The United Nations migration agency has reported that migrants from West Africa are being bought and sold openly in modern-day slave markets in Libya.Trafficked people passing through Libya have previously reported violence, extortion and slave labor. But the new testimony from the International Organization for Migration suggests that the trade in human beings has become so normalized that people are being traded in public.
Among migrants from West Africa being sold in Libyan slave markets, Nigerians head the list, a survivor who returned recently has said. Since the overthrow of the late dictator, Muammar Gaddafi, the North African country has plunged deeply into a state of anomie. Some citizens of the highly fractious nation have resorted to selling human beings, especially people attempting to make the boat trip to Europe.
The north African nation is a major exit point for refugees from Africa trying to take boats to Europe. However, migrants with insufficient cash or who usually have no valid travel documents are particularly vulnerable to kidnappers and human traffickers who capture, imprison, sell off or kill them brutally.
A Nigerian survivor, James who had embarked on the trip to Europe crossed northern Nigeria into Niger and Libya through the desert was lucky to have returned home after two months of harrowing experience in sparsely populated but highly violent country. He recounted how he had been sandwiched with 240 other emigrants on an inflated raft and put out on the Mediterranean at 12 midnight.
“Few minutes into the journey, we were approached by some men in a speed boat. Suddenly they shot at our raft which quickly filled with water. They left us to drown, but we managed to get to shore. On the shore, we were rounded up by gunmen who took us to a remote island where they kept us in what looked like prison cells. There I saw several Nigerians. In fact, for every West African, there were at least five other Nigerians.
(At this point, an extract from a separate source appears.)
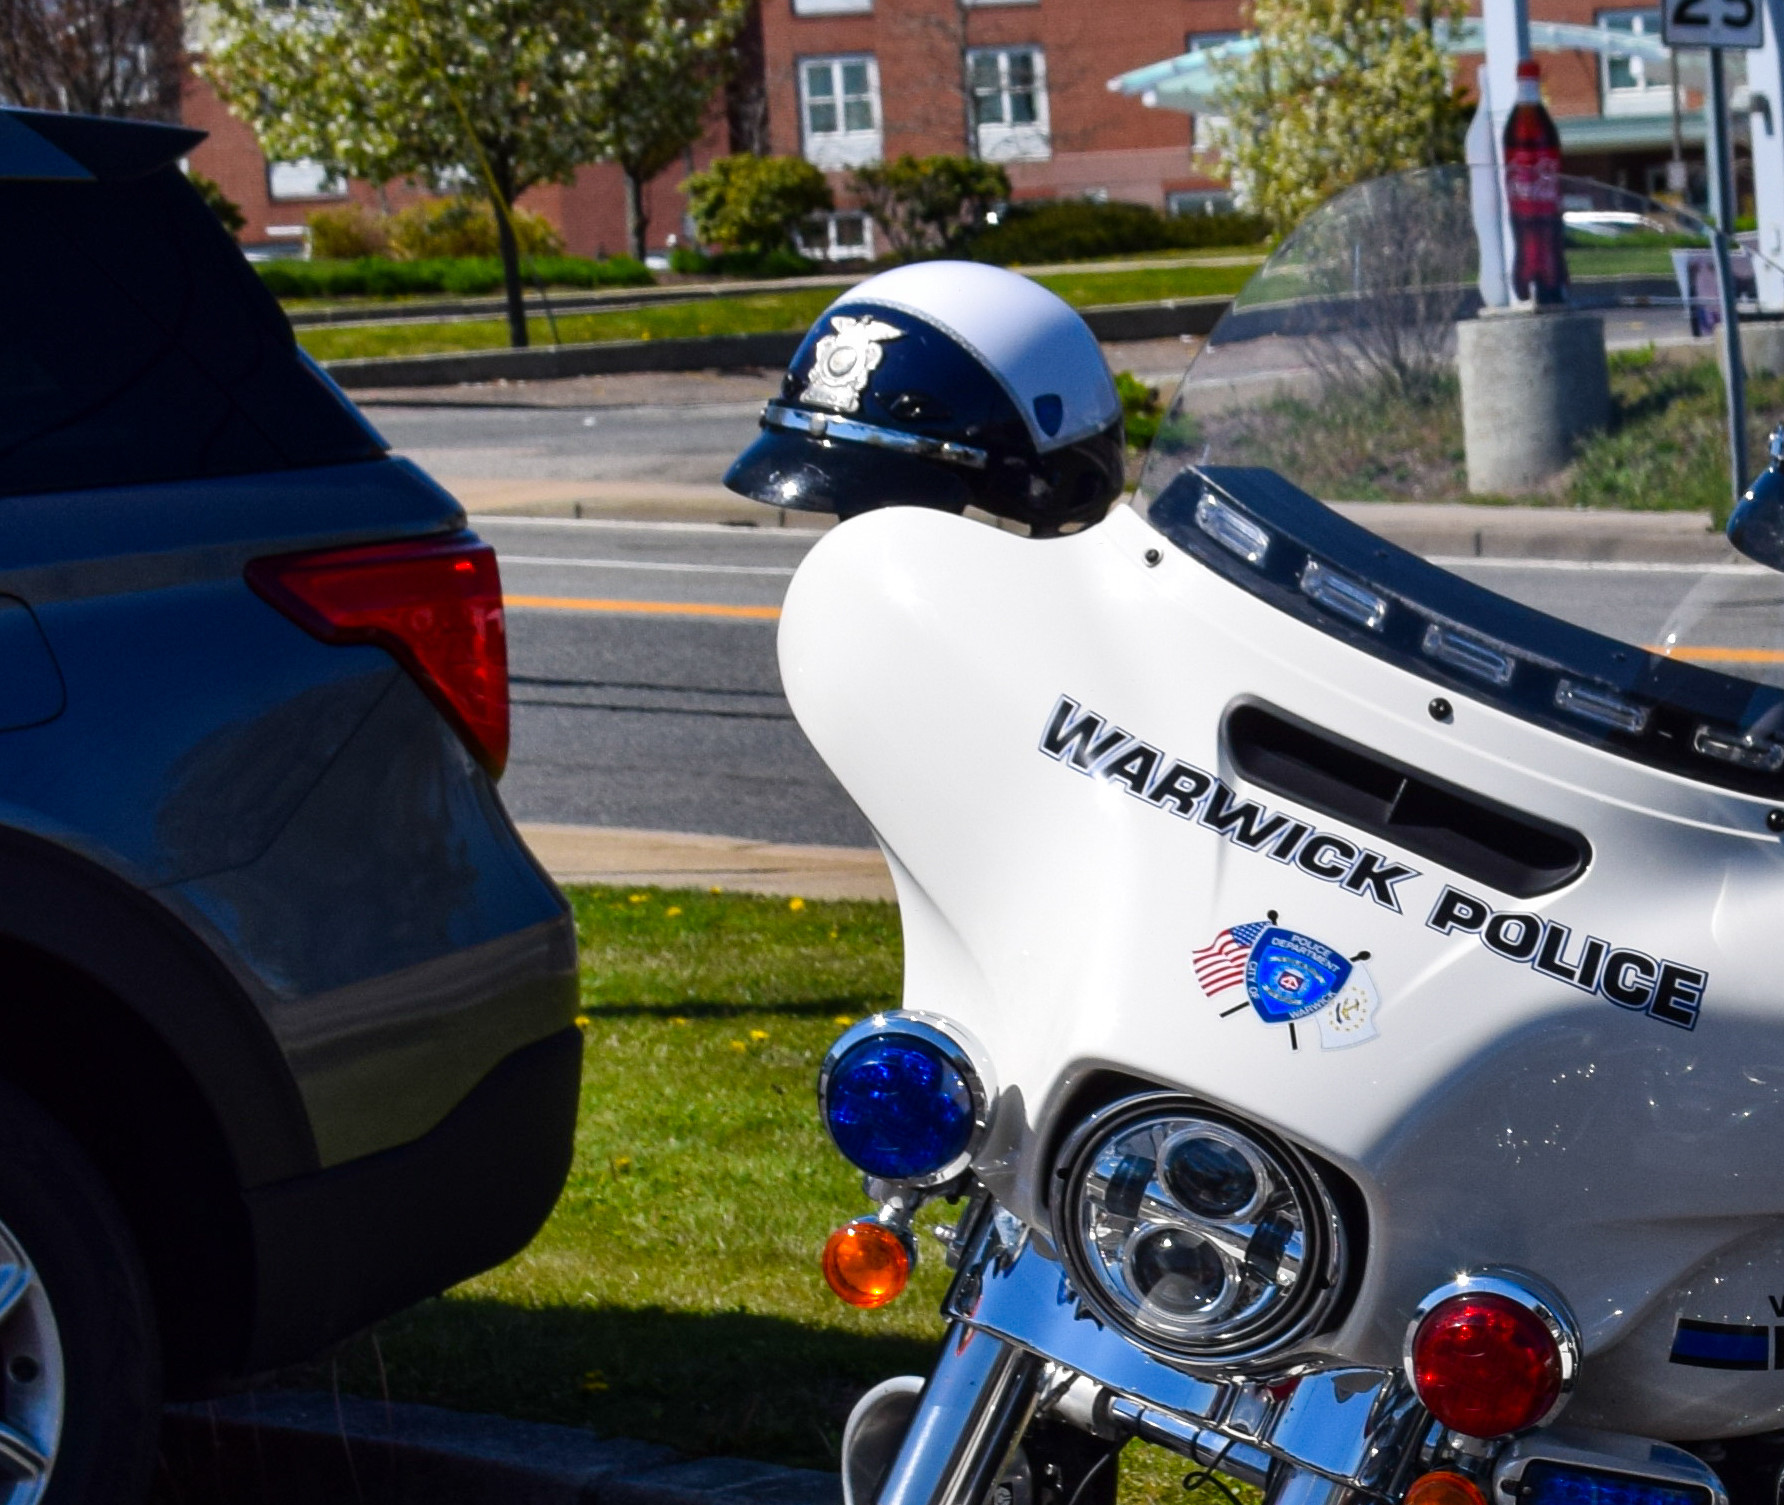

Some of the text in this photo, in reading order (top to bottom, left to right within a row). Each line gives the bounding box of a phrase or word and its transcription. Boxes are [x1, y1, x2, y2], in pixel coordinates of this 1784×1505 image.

” In the cells, we were beaten with iron rods, Nigerians got more beatings because our captors said were too many and stubborn. We had no food, no water, and no bath for weeks. Sometimes, we got a spoon of rice served on our palms. We drank our own urine and passed excreted in the cell. Many died from starvation and disease, but their corpses were usually not removed until about a week. Later, we were moved to another location where we were sold off into slavery. Those who were not fit for sale were shot on the spot.”
One 34-year-old survivor from Senegal said he was taken to a dusty lot in the south Libyan city of Sabha after crossing the desert from Niger in a bus organized by people smugglers. The group had paid to be taken to the coast, where they planned to risk a boat trip to Europe, but their driver suddenly said middlemen had not passed on his fees and put his passengers up for sale.
“The men in the pick-up van were brought to a square, or parking lot, where a kind of slave trade was happening. There were locals – he described them as Arabs – buying sub-Saharan migrants,” said Livia Manante, an IOM officer based in Niger who helps people wanting to return home.
After his sale, the Senegalese migrant was taken to a makeshift prison of a kind that has been well documented in Libya. Those held inside are forced to work without pay, or on meagre rations, and their captors regularly call family at home demanding a ransom. His captors asked for 300,000 west African francs (about £380), then sold him on to a larger jail where the demand doubled without explanation.
Men who lingered there too long without the ransom being paid were taken away and killed, he said. Some wasted away on meagre rations in unsanitary conditions, dying of hunger and disease, but overall numbers never fell. “If the number of migrants goes down, because of death or someone is ransomed, the kidnappers just go to the market and buy one,” Manente said.
His terrified family began scraping together loans. As he spoke fluent English, French, and some local languages, he translated for his jailers to win time for relatives to collect the money.
Many other migrants flee Libya with similar stories, said Giuseppe Loprete, chief of mission at IOM Niger. “It’s very clear they see themselves as being treated as slaves,” he said.
Even growing international awareness of the problems migrants face is being exploited. IOM has had credible reports of criminals posing as aid groups that help migrants to lure in people who have escaped or bought their freedom and want to return home.
The organization is working to spread awareness across west Africa of the horrors of the journey through the personal stories of those who return. Though most migrants know the boat trips to Europe are extremely risky, fewer realize they may face even worse dangers in Libya before even reaching the coast.
“Tragically, the most credible messengers are migrants returning home with IOM help,” said spokesman Leonard Doyle. “Too often they are broken, brutalized and have been abused. Their voices carry more weight than anyone else’s.”